Aires marines protégées : un outil privilégié pour protéger nos océans

Au début de l’été, j’interpellais la Commission européenne (voir ici) afin que la création d’une aire marine protégée en Antarctique soit établie comme priorité des négociations lors du sommet UE-Chine qui s’est tenu mi-juillet. Vous trouverez ci-dessous la réponse de la Commission.

La création de cette aire marine a bien été évoquée et apparaît dans les conclusions du sommet sous l’objectif « améliorer la coopération pour une meilleure gouvernance des océans » ainsi que parmi les 5 objectifs du partenariat sur l’Océan entre l’Union européenne et la Chine publiés le 16 juillet dernier où nous pouvons retrouver « la conservation des ressources marines en Antarctique ».

Biensûr, rien n’est acquis. Mais les aires marines protégées ainsi que les mécanismes de protection de la biodiversité doivent être abordés en priorité lors des rencontres internationales. C’est ce que j’ai défendu en tant que co-rapporteur de la résolution du Parlement européen pour la prochaine conférence des parties sur la biodiversité et continuerai à défendre.

La récente réouverture par les Nations Unies des pourparlers pour un traité sur la haute mer le souligne, il est urgent de prioriser les discussions sur la biodiversité à l’échelle internationale et de mettre en place des outils communs pour préserver les écosystèmes. 

Pour permettre aux océans de se régénérer d’ici 2030, 30% des océans devraient être placés sous « aires marines protégées ». Un objectif encore loin d’être atteint. Il est donc indispensable de commencer par préserver l’Antarctique, sous forte pression climatique et qui pourrait constituer l’une des plus grandes aires marines protégées au monde. 

Notons pour rappel que la biodiversité constitue un pilier essentiel de la résilience des écosystèmes marins et de la régulation du réchauffement planétaire par les océans.

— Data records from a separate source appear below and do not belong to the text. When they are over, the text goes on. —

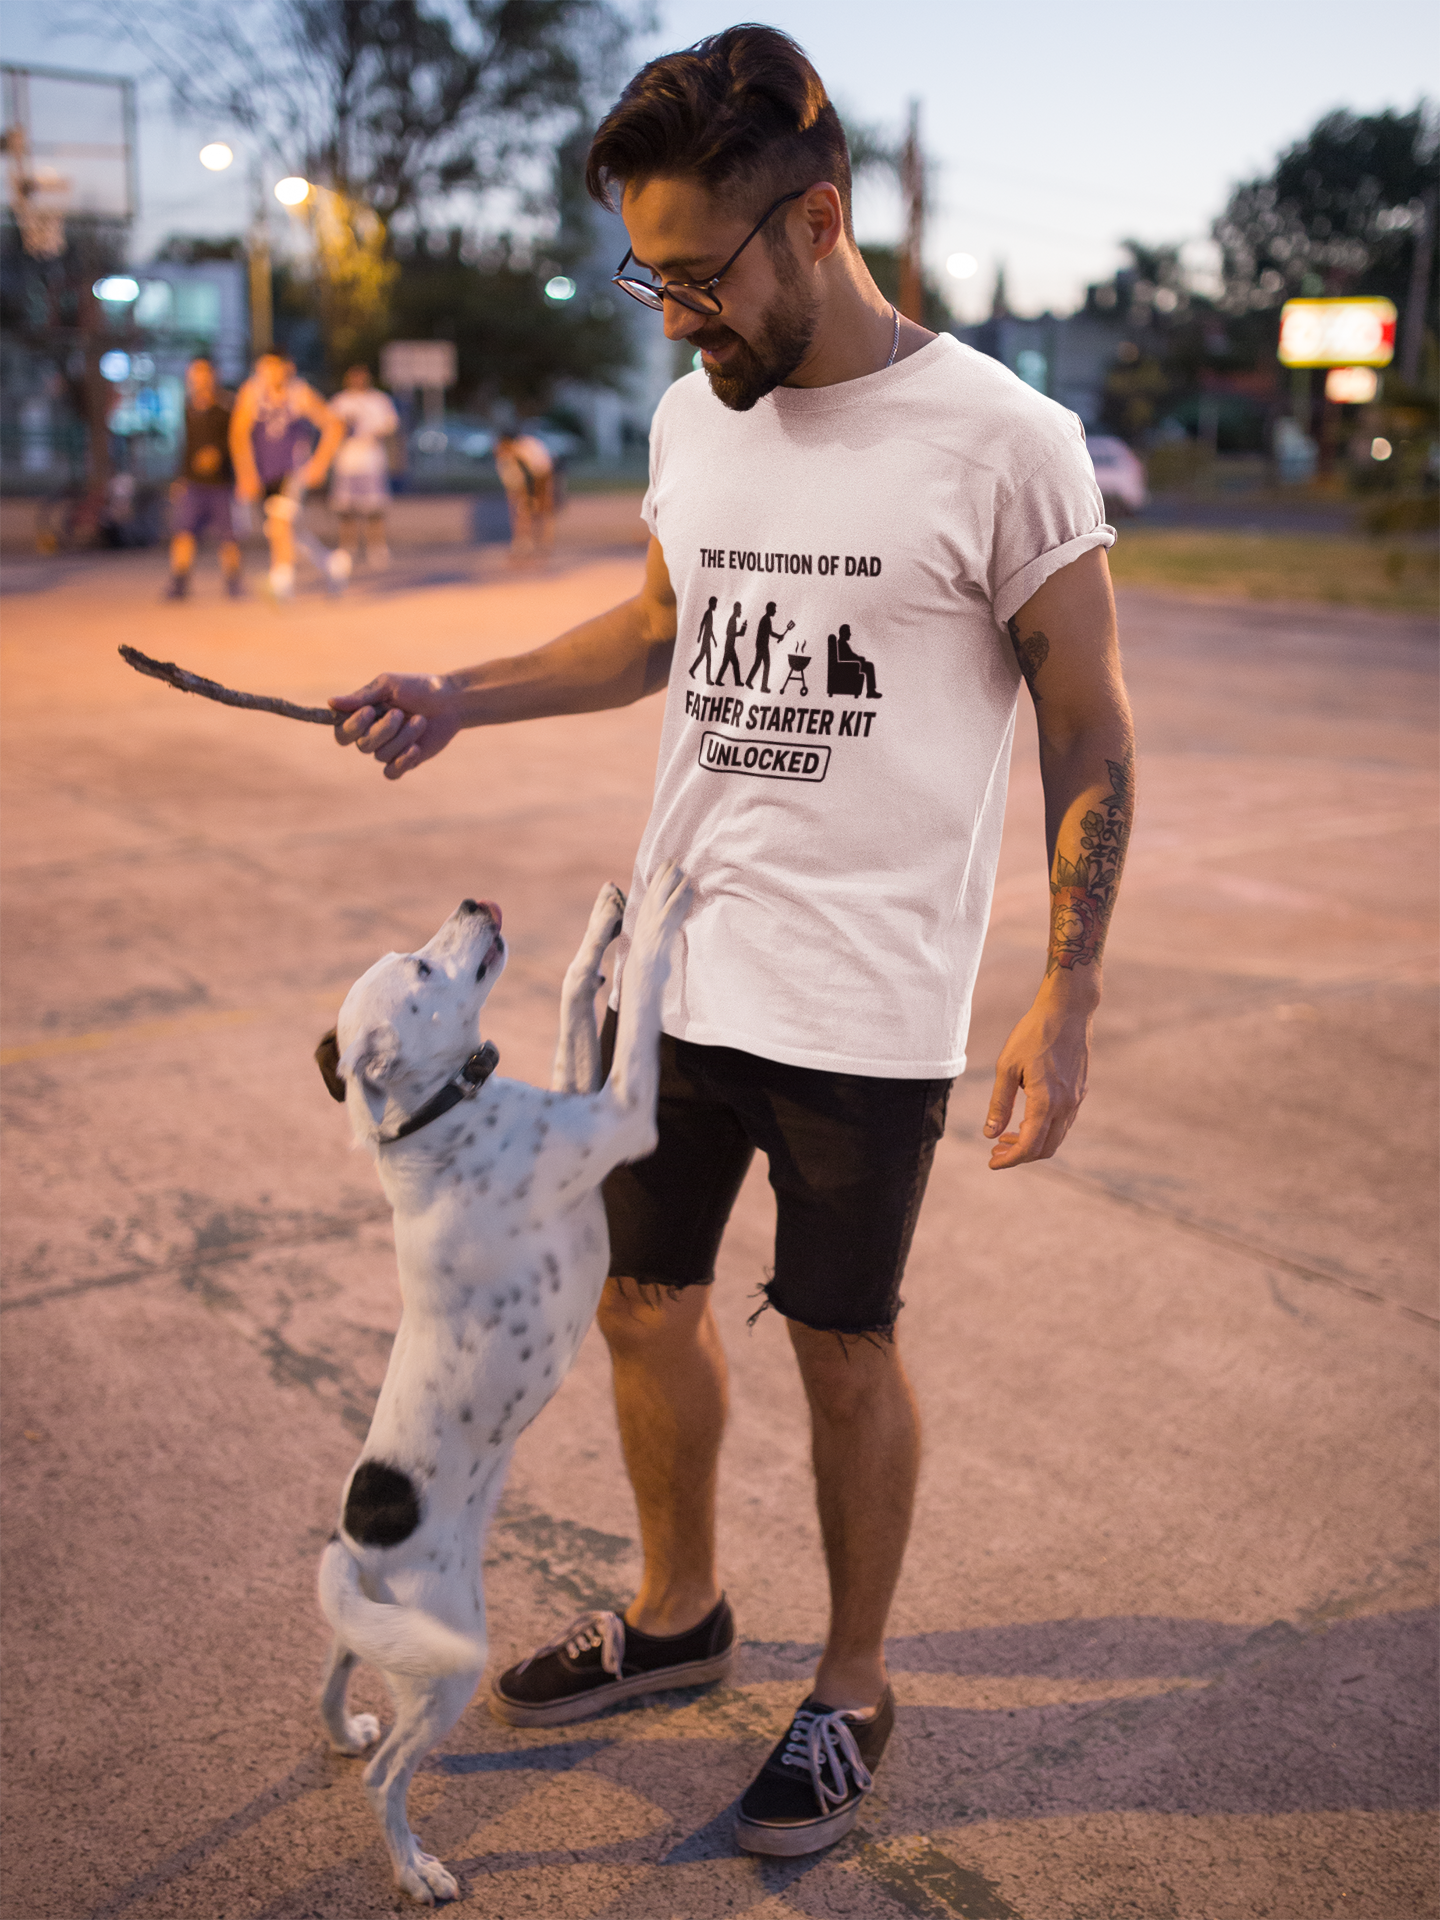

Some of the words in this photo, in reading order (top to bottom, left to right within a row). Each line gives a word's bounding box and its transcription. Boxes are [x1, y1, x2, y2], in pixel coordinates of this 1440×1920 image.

[699, 548, 725, 569] THE
[729, 550, 813, 575] EVOLUTION
[817, 555, 840, 576] OF
[844, 556, 882, 577] DAD
[685, 690, 744, 728] FATHER
[745, 704, 835, 736] STARTER
[837, 710, 877, 738] KIT
[706, 738, 820, 775] UNLOCKED

Les préserver est donc bel et bien une priorité internationale.

Réponse écrite de la Commission européenne : 

La mise en place d’un système représentatif d’aires marines protégées (AMP) est une priorité pour l’Union européenne et la Commission pour la conservation de la faune et la flore marines de l’Antarctique (CCAMLR); tous les membres de la CCAMLR ont accepté cette priorité, y compris la Chine et la Russie. La Commission continuera à encourager les progrès sur cette question, y compris en ce qui concerne les AMP dans l’Antarctique de l’Est et la mer de Weddell, au niveau politique avec les membres qui émettent encore des réserves à ce sujet. La Commission s’est également déclarée disposée à mener des discussions techniques, pour autant que nos partenaires s’engagent à y participer dans un esprit constructif.